Brookfield to Buy Teekay Offshore Stake

Canadian partnership Brookfield Business Partners LP (NYSE:BBU) will buy the remaining holdings of TeeKay Corp. (NYSE:TK) in TeeKay Offshore Partners (NYSE:TOO). BBU is a unit of huge asset manager Brookfield.

TOO has 3 high yield preferred unit issues outstanding and they trade in the area of $18.80 to $21/share.

You can see the 3 outstanding issues here.

NOTE that this is not a buyout of TOO, but is a sale of the holdings of TeeKay Corp in TOO.

The details of the deal are thin at this moment, but it likely means good things for the preferred issues since TeeKay Offshore has had a rocky financial history. With Brookfield in the game the financials should become much less tenuous.

We had previous written about Brookfield and TeeKay Offshore in February.

16 thoughts on “Brookfield to Buy Teekay Offshore Stake”

  1. Joeri posted this today in another chat room. He is retracting his “that’s nonsense” comment based on Wells Fargo’s comments.

    Wells Fargo:

    “TOO Q1 Report. TOO posted a modest beat, with Q119 adjusted EPU of $0.05, above our estimate of $0.01 and Consensus of $0.03. The biggest focus, however, remains on TOO’s own refinancing efforts. TOO secured a $414MM senior secured shuttle tanker facility in April, and noted it expected to close a sale¬leaseback, FSPO balloon refi, and a $450MM shuttle tanker revolver refi this quarter. However, TOO would not disclose what their pro¬forma 2019 debt amortization/maturity schedule looked like (on a cumulative basis)¬¬and while we understand it’s a work in progress, the selective dissemination and refusal to update is a tough look (to say the least).

    Ultimately it may not matter, as we think Brookfield’s continued consolidation implies TOO may not be long for the public markets.”

    Joeri:

    That last line was not what I personally expected. I think it’s very notable that a big bank like WF would talk that concretely about TOO maybe going off the market.

    jeah, i always thought that concern was non-sense. But now that WF also specifically mentions it… I don’t see much reason to own TOO preferreds now, If they get taken private and go to pink sheets, these might drop 40% pretty quickly. Not worth owning for 1-2% extra yield over other much less risky shipping preferreds.

  2. I try not to overthink things.

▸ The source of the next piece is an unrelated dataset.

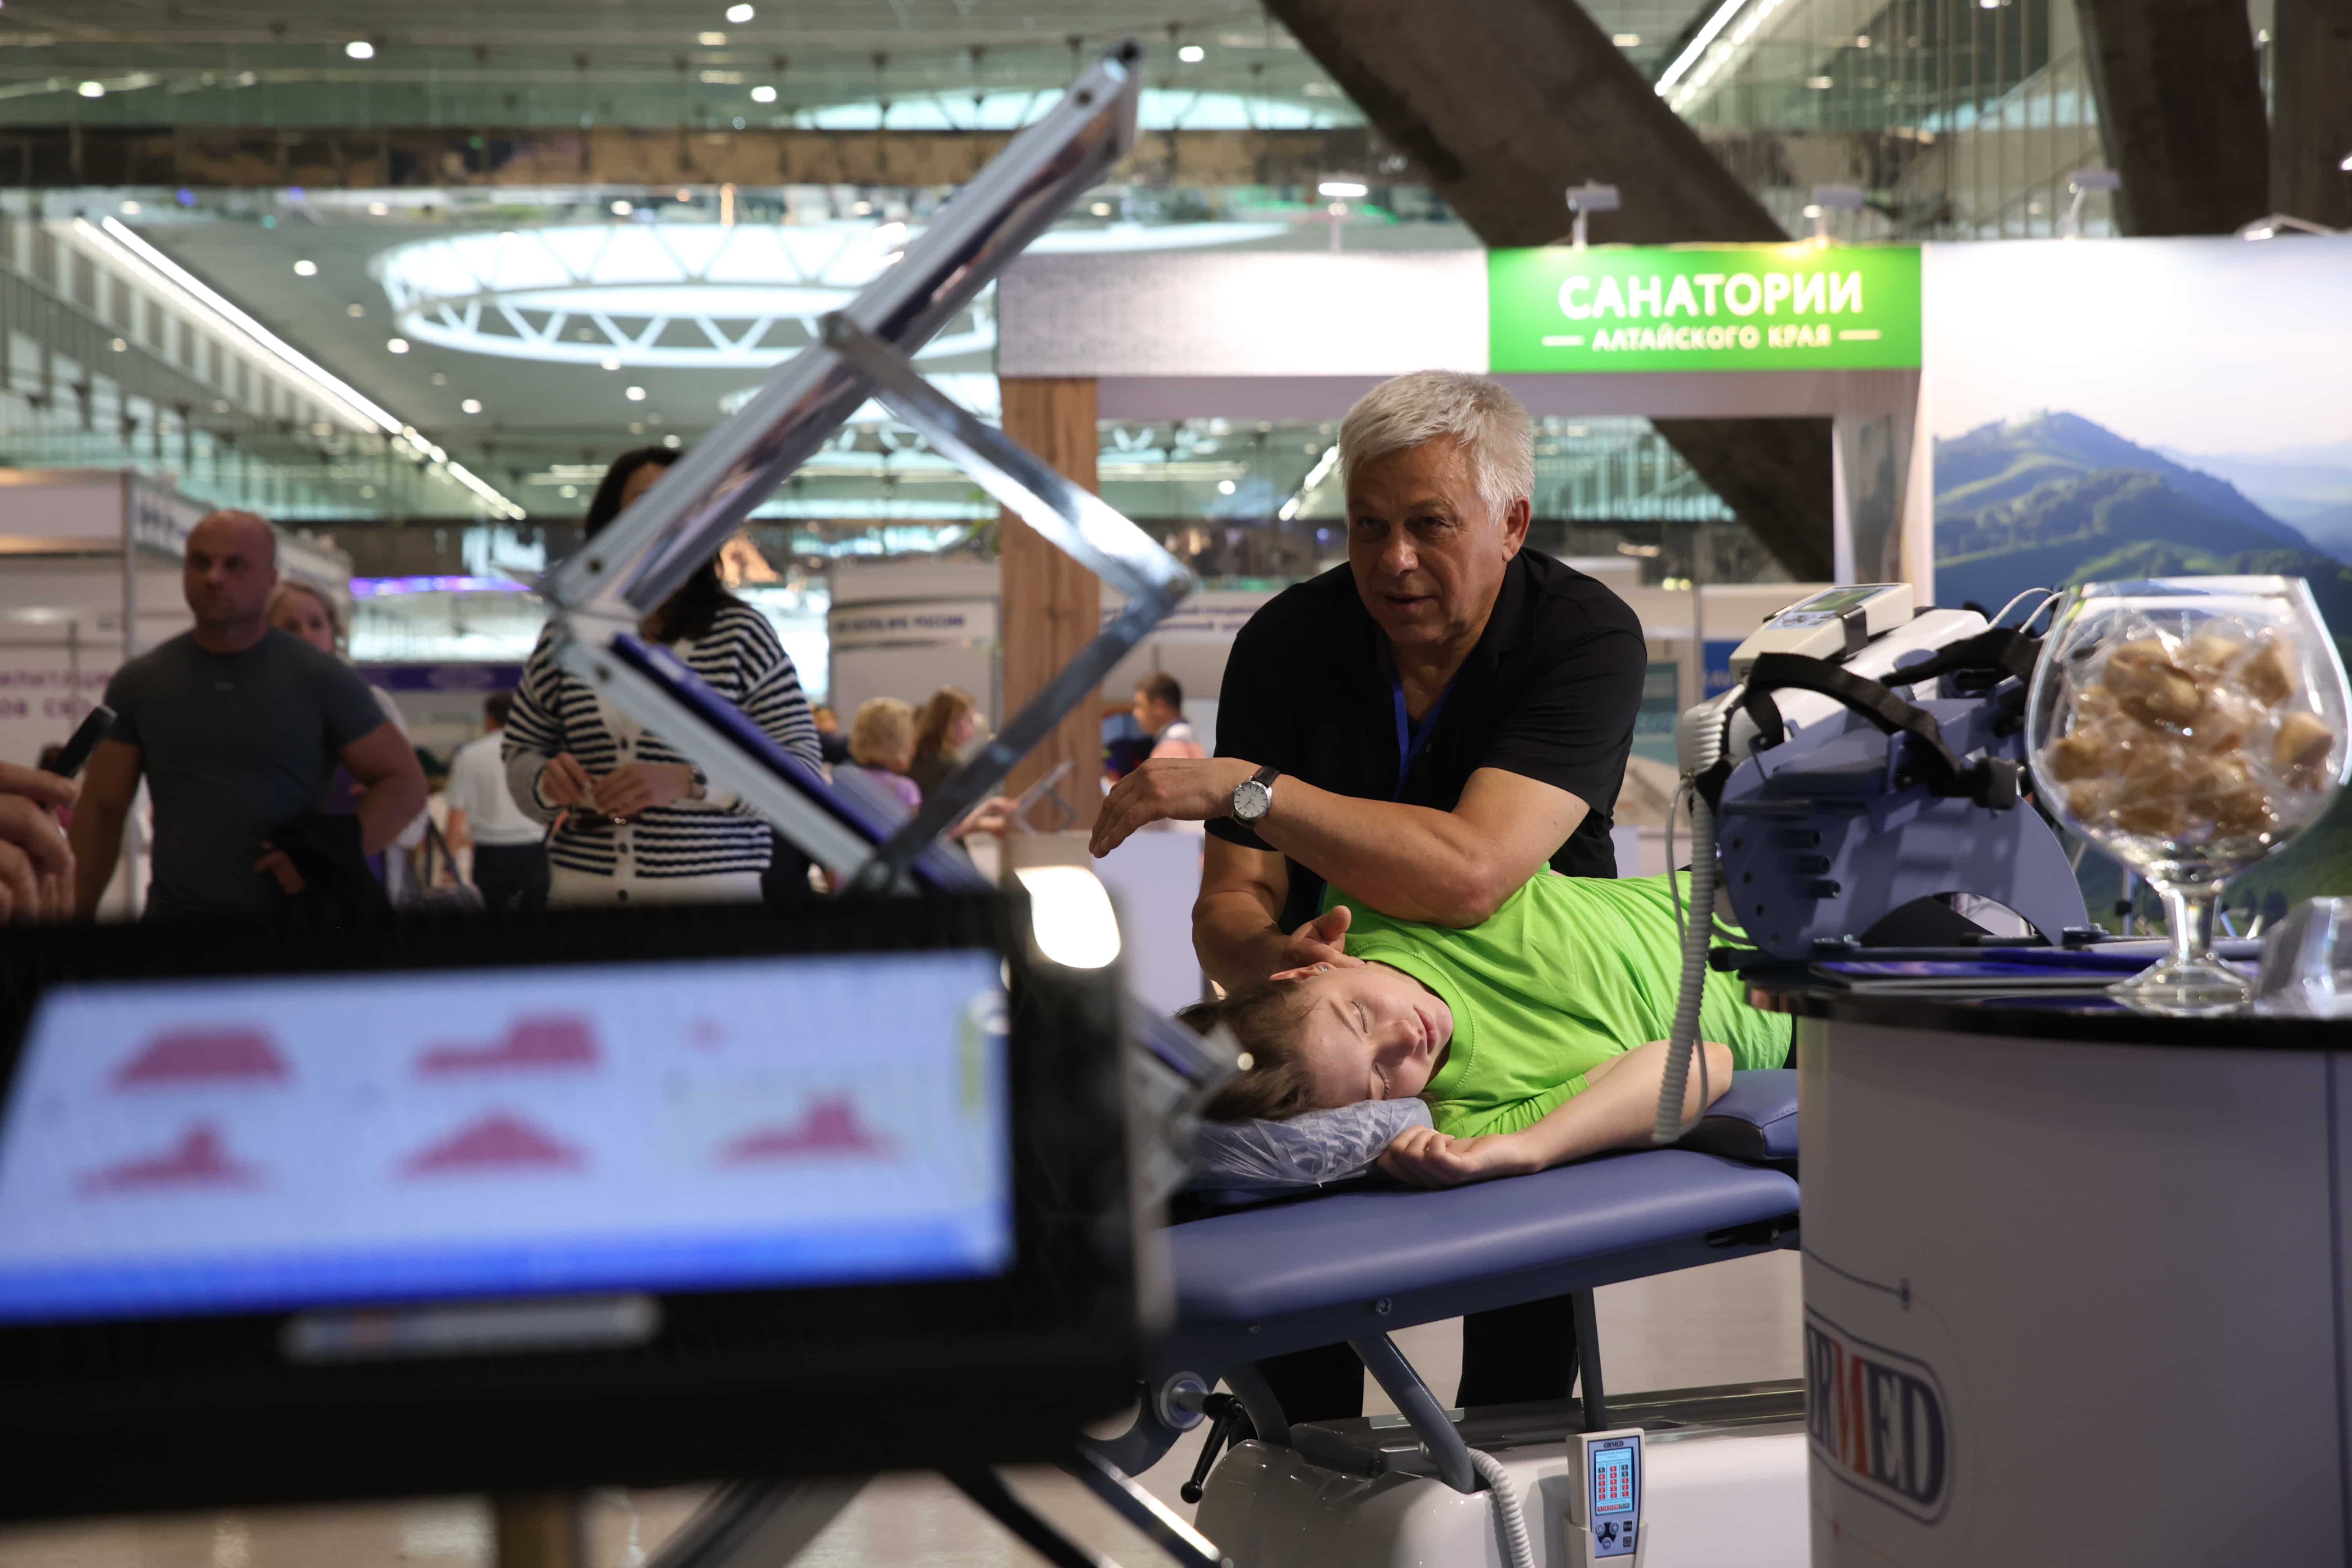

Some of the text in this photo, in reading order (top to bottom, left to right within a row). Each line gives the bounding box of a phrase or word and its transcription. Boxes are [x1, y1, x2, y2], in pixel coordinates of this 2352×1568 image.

[1558, 270, 1862, 319] САНАТОРИИ
[1592, 323, 1831, 351] АЛТАЙСКОГО КРАЯ

The TOO preferred ended the day up 5%-7% on very high volume. Score stands at Mr Joeri – 1, Mr LeJeune – 0, at least for now.

  3. Question for you guys—-if TOO is taken private, and holders of the preferred issues (I own the E issue) have no intention of selling because of the high yield, what is the risk? Is it only one of liquidity if a sale is necessary? Is there a principal risk due to a BK filing that perhaps suits Brookfield’s long term plans? Appreciate any advice you may have.

  4. There are 60+ million of warrants held by Brookfield that are exercisable at $.01 provided the common stock trades above $4 before Sept 2024. You would think that taking the company private would make those warrants worthless. They already own 60% of the common (and TK owns another 13% that may have been sold although that was not clear from the press release). I don’t know what they would gain by taking the company private at this stage of its development.

  5. I can assure you that the risk of preferred stock holders being screwed in a going private transaction is very real. Just ask anyone who owns Amtrust preferreds. They trade at half price today.

  6. Just an FYI:

    Richard LeJeune is staying out of the TOO preferreds because he is concerned that Brookfield may take TOO private which may not be good for the preferreds.

    Joeri things that is “nonsense.”

    Richard has outlined examples where Brookfield has taken companies private in the past which has not worked out well for the preferreds.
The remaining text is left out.